• Task to complete: Would you print the whole listing again, exactly?

• Data for review:

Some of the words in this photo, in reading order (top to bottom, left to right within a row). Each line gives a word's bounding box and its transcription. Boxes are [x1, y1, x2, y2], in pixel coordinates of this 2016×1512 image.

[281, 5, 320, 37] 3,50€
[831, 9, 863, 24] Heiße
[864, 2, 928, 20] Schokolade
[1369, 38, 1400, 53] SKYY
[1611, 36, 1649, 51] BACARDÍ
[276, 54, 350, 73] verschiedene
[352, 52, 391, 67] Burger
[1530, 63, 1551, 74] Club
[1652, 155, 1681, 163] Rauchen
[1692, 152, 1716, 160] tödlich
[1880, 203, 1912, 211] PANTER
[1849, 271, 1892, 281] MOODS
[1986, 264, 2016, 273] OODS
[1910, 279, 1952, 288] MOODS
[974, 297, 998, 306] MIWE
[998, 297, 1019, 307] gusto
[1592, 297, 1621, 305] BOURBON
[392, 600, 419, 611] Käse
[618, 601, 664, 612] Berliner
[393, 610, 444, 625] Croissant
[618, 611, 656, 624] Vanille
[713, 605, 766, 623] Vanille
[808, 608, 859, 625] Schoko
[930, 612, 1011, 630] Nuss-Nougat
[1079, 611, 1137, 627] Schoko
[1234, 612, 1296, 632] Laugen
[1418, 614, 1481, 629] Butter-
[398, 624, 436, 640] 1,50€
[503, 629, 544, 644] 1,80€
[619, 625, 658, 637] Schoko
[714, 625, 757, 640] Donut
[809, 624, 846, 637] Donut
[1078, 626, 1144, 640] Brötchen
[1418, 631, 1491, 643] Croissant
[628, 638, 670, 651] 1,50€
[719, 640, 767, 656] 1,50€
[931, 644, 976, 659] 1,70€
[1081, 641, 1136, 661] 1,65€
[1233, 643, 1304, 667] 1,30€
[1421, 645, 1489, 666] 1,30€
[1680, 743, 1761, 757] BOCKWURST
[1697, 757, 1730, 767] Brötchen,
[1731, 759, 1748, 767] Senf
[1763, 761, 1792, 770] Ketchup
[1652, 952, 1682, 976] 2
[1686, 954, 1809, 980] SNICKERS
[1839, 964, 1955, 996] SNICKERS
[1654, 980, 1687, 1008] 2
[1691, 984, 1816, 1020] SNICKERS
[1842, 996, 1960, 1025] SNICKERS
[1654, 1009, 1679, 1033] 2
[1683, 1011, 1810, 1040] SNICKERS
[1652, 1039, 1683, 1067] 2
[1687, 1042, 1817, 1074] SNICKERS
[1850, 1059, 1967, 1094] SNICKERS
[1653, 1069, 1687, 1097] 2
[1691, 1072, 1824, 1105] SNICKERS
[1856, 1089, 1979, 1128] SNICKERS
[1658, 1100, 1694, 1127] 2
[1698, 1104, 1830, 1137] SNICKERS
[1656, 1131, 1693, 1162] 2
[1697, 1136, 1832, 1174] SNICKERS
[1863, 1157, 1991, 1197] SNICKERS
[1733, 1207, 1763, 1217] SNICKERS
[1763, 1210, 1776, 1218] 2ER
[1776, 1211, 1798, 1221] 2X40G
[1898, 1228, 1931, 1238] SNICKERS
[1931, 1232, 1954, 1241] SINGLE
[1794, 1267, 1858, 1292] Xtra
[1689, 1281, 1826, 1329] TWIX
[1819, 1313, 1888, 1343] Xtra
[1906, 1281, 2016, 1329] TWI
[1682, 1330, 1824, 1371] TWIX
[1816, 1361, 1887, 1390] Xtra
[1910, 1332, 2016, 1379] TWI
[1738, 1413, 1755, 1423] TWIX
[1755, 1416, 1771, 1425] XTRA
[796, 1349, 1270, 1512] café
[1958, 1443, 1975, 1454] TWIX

• Your response:
Some of the words in this photo, in reading order (top to bottom, left to right within a row). Each line gives a word's bounding box and its transcription. Boxes are [x1, y1, x2, y2], in pixel coordinates of this 2016×1512 image.

[281, 5, 320, 37] 3,50€
[831, 9, 863, 24] Heiße
[864, 2, 928, 20] Schokolade
[1369, 38, 1400, 53] SKYY
[1611, 36, 1649, 51] BACARDÍ
[276, 54, 350, 73] verschiedene
[352, 52, 391, 67] Burger
[1530, 63, 1551, 74] Club
[1652, 155, 1681, 163] Rauchen
[1692, 152, 1716, 160] tödlich
[1880, 203, 1912, 211] PANTER
[1849, 271, 1892, 281] MOODS
[1986, 264, 2016, 273] OODS
[1910, 279, 1952, 288] MOODS
[974, 297, 998, 306] MIWE
[998, 297, 1019, 307] gusto
[1592, 297, 1621, 305] BOURBON
[392, 600, 419, 611] Käse
[618, 601, 664, 612] Berliner
[393, 610, 444, 625] Croissant
[618, 611, 656, 624] Vanille
[713, 605, 766, 623] Vanille
[808, 608, 859, 625] Schoko
[930, 612, 1011, 630] Nuss-Nougat
[1079, 611, 1137, 627] Schoko
[1234, 612, 1296, 632] Laugen
[1418, 614, 1481, 629] Butter-
[398, 624, 436, 640] 1,50€
[503, 629, 544, 644] 1,80€
[619, 625, 658, 637] Schoko
[714, 625, 757, 640] Donut
[809, 624, 846, 637] Donut
[1078, 626, 1144, 640] Brötchen
[1418, 631, 1491, 643] Croissant
[628, 638, 670, 651] 1,50€
[719, 640, 767, 656] 1,50€
[931, 644, 976, 659] 1,70€
[1081, 641, 1136, 661] 1,65€
[1233, 643, 1304, 667] 1,30€
[1421, 645, 1489, 666] 1,30€
[1680, 743, 1761, 757] BOCKWURST
[1697, 757, 1730, 767] Brötchen,
[1731, 759, 1748, 767] Senf
[1763, 761, 1792, 770] Ketchup
[1652, 952, 1682, 976] 2
[1686, 954, 1809, 980] SNICKERS
[1839, 964, 1955, 996] SNICKERS
[1654, 980, 1687, 1008] 2
[1691, 984, 1816, 1020] SNICKERS
[1842, 996, 1960, 1025] SNICKERS
[1654, 1009, 1679, 1033] 2
[1683, 1011, 1810, 1040] SNICKERS
[1652, 1039, 1683, 1067] 2
[1687, 1042, 1817, 1074] SNICKERS
[1850, 1059, 1967, 1094] SNICKERS
[1653, 1069, 1687, 1097] 2
[1691, 1072, 1824, 1105] SNICKERS
[1856, 1089, 1979, 1128] SNICKERS
[1658, 1100, 1694, 1127] 2
[1698, 1104, 1830, 1137] SNICKERS
[1656, 1131, 1693, 1162] 2
[1697, 1136, 1832, 1174] SNICKERS
[1863, 1157, 1991, 1197] SNICKERS
[1733, 1207, 1763, 1217] SNICKERS
[1763, 1210, 1776, 1218] 2ER
[1776, 1211, 1798, 1221] 2X40G
[1898, 1228, 1931, 1238] SNICKERS
[1931, 1232, 1954, 1241] SINGLE
[1794, 1267, 1858, 1292] Xtra
[1689, 1281, 1826, 1329] TWIX
[1819, 1313, 1888, 1343] Xtra
[1906, 1281, 2016, 1329] TWI
[1682, 1330, 1824, 1371] TWIX
[1816, 1361, 1887, 1390] Xtra
[1910, 1332, 2016, 1379] TWI
[1738, 1413, 1755, 1423] TWIX
[1755, 1416, 1771, 1425] XTRA
[796, 1349, 1270, 1512] café
[1958, 1443, 1975, 1454] TWIX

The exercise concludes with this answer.